Each entry below should be written out exactly as it is, with no pictures.

▸ **Material for the task**
=== Section Start ===

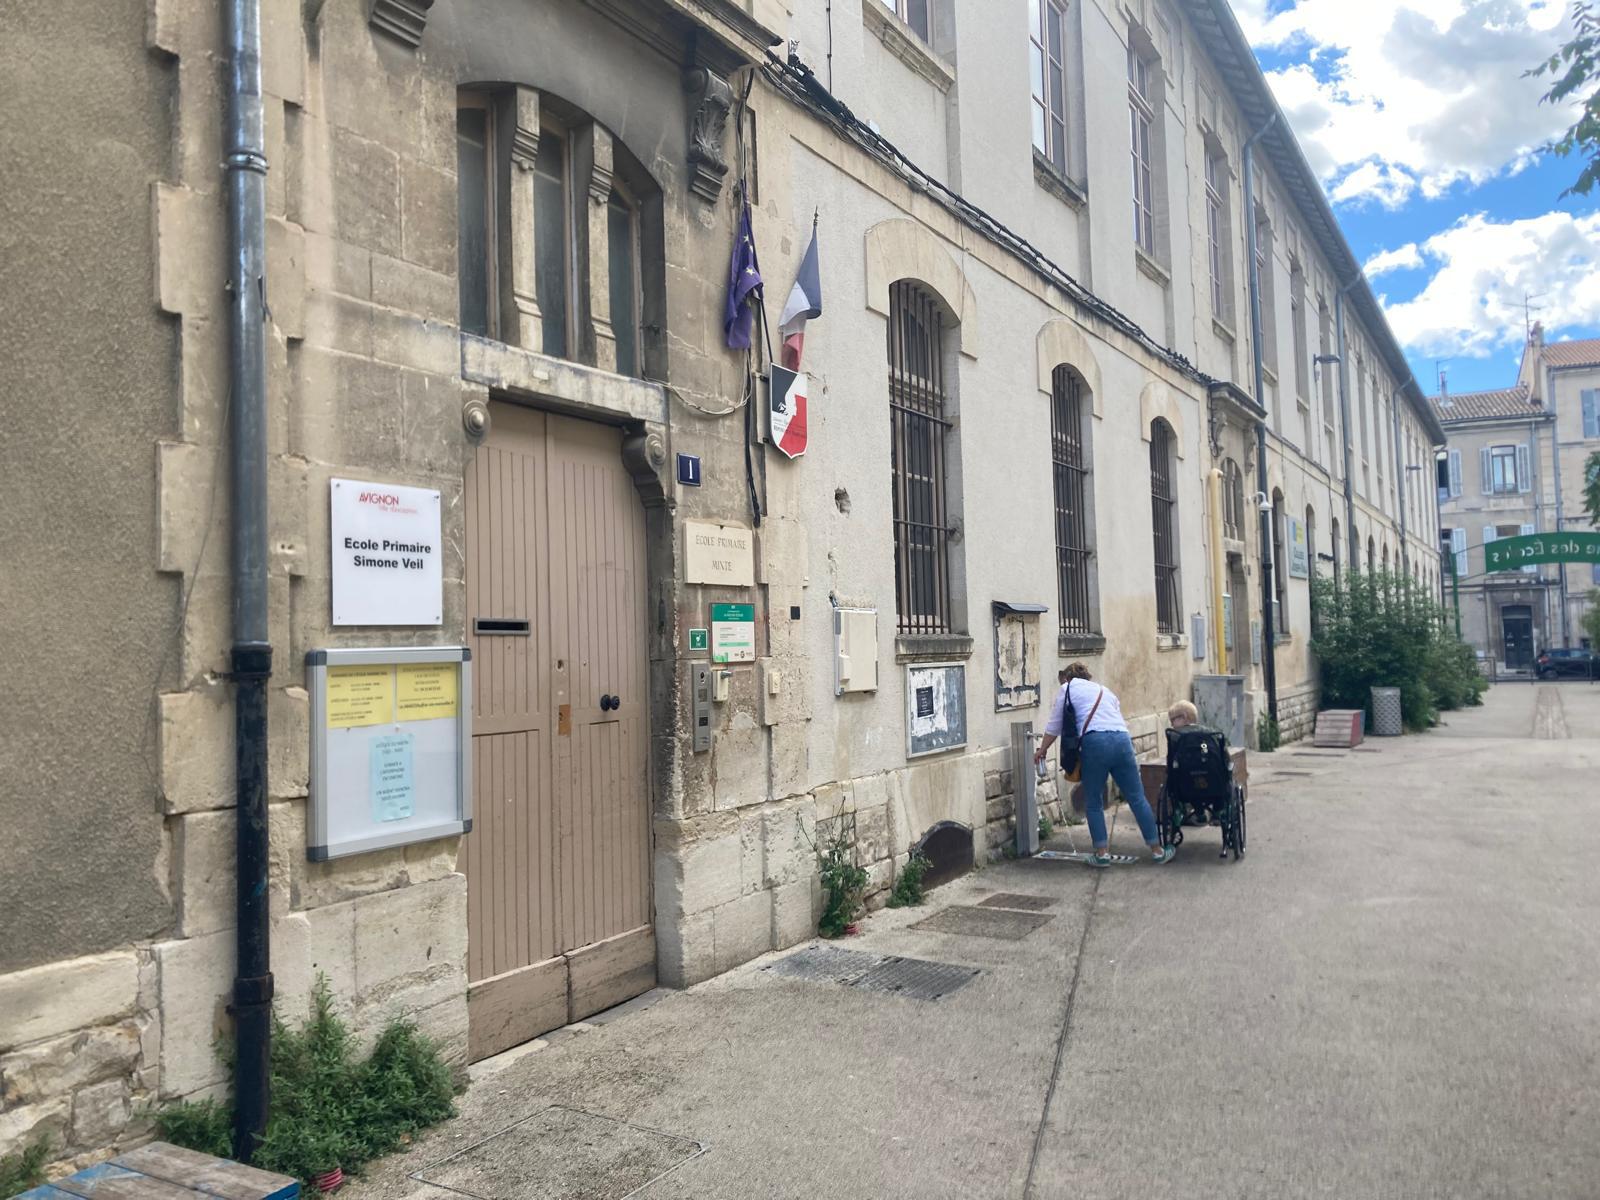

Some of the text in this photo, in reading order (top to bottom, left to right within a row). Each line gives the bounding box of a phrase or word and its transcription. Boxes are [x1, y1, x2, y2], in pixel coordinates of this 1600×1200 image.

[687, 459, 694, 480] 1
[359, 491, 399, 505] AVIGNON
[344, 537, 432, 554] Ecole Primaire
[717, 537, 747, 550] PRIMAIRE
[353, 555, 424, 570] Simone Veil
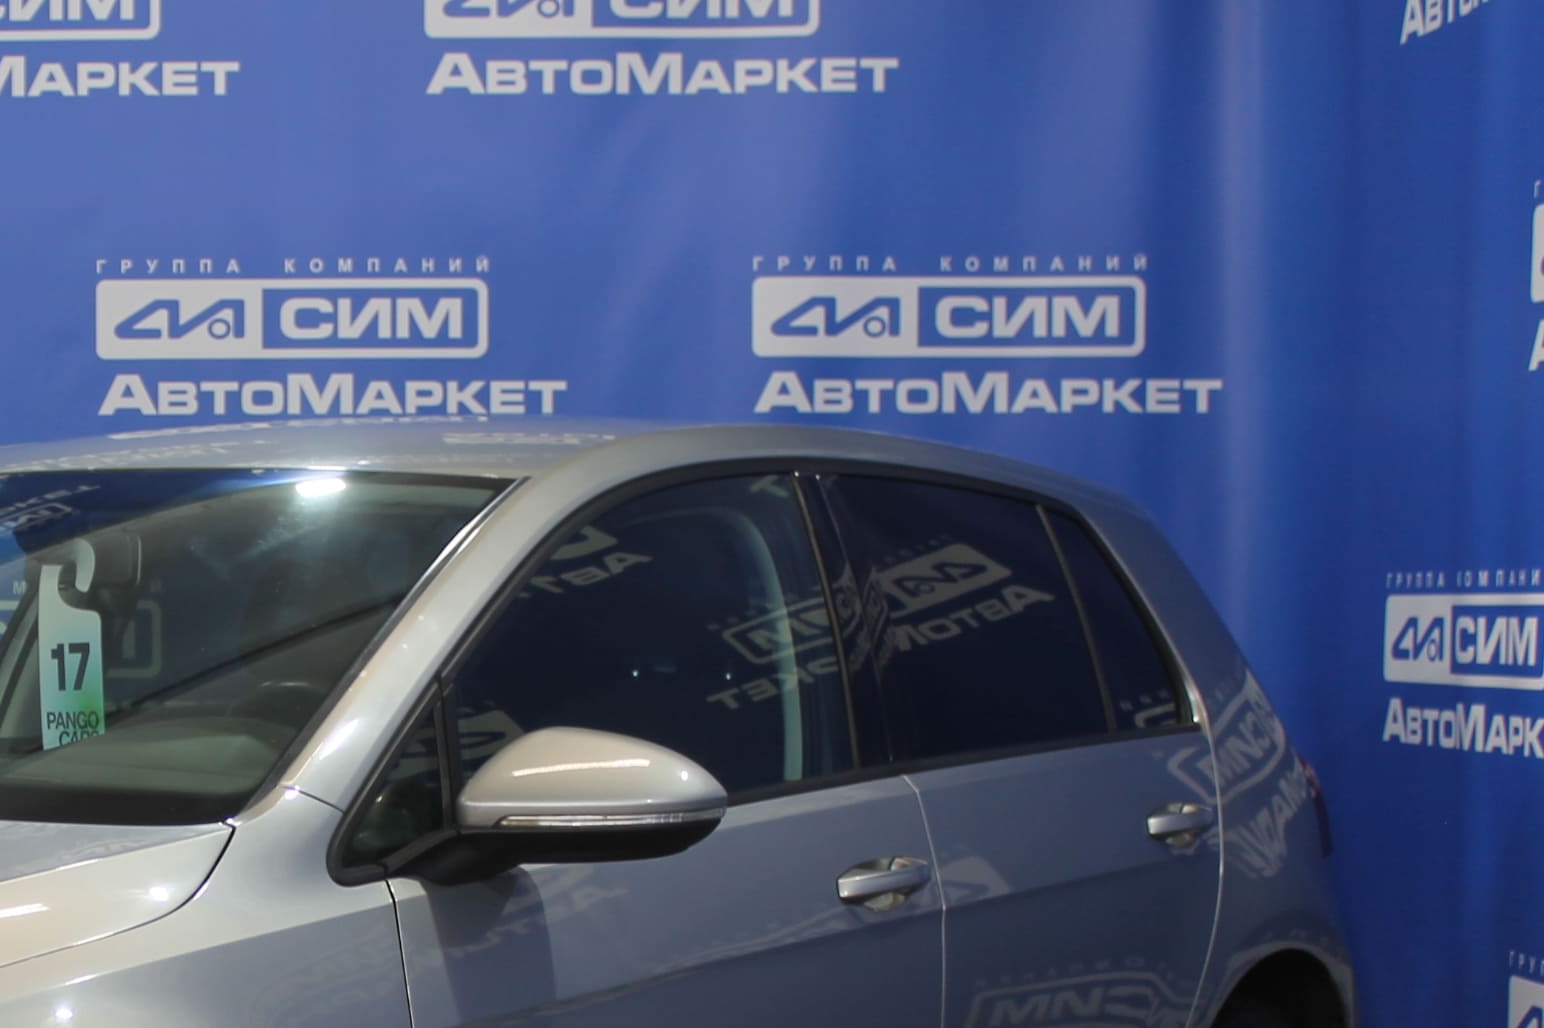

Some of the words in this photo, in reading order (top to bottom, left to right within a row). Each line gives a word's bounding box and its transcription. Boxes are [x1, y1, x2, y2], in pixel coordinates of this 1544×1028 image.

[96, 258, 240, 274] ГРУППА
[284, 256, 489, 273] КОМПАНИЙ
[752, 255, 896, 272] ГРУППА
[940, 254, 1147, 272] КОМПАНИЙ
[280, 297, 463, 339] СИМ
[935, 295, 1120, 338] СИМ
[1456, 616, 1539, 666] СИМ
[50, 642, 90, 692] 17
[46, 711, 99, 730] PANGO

=== Section End ===

▸ **Response**
Some of the text in this photo, in reading order (top to bottom, left to right within a row). Each line gives the bounding box of a phrase or word and its transcription. Boxes are [x1, y1, x2, y2], in pixel coordinates of this 1600×1200 image.

[687, 459, 694, 480] 1
[359, 491, 399, 505] AVIGNON
[344, 537, 432, 554] Ecole Primaire
[717, 537, 747, 550] PRIMAIRE
[353, 555, 424, 570] Simone Veil

Some of the words in this photo, in reading order (top to bottom, left to right within a row). Each line gives a word's bounding box and its transcription. Boxes are [x1, y1, x2, y2], in pixel coordinates of this 1544×1028 image.

[96, 258, 240, 274] ГРУППА
[284, 256, 489, 273] КОМПАНИЙ
[752, 255, 896, 272] ГРУППА
[940, 254, 1147, 272] КОМПАНИЙ
[280, 297, 463, 339] СИМ
[935, 295, 1120, 338] СИМ
[1456, 616, 1539, 666] СИМ
[50, 642, 90, 692] 17
[46, 711, 99, 730] PANGO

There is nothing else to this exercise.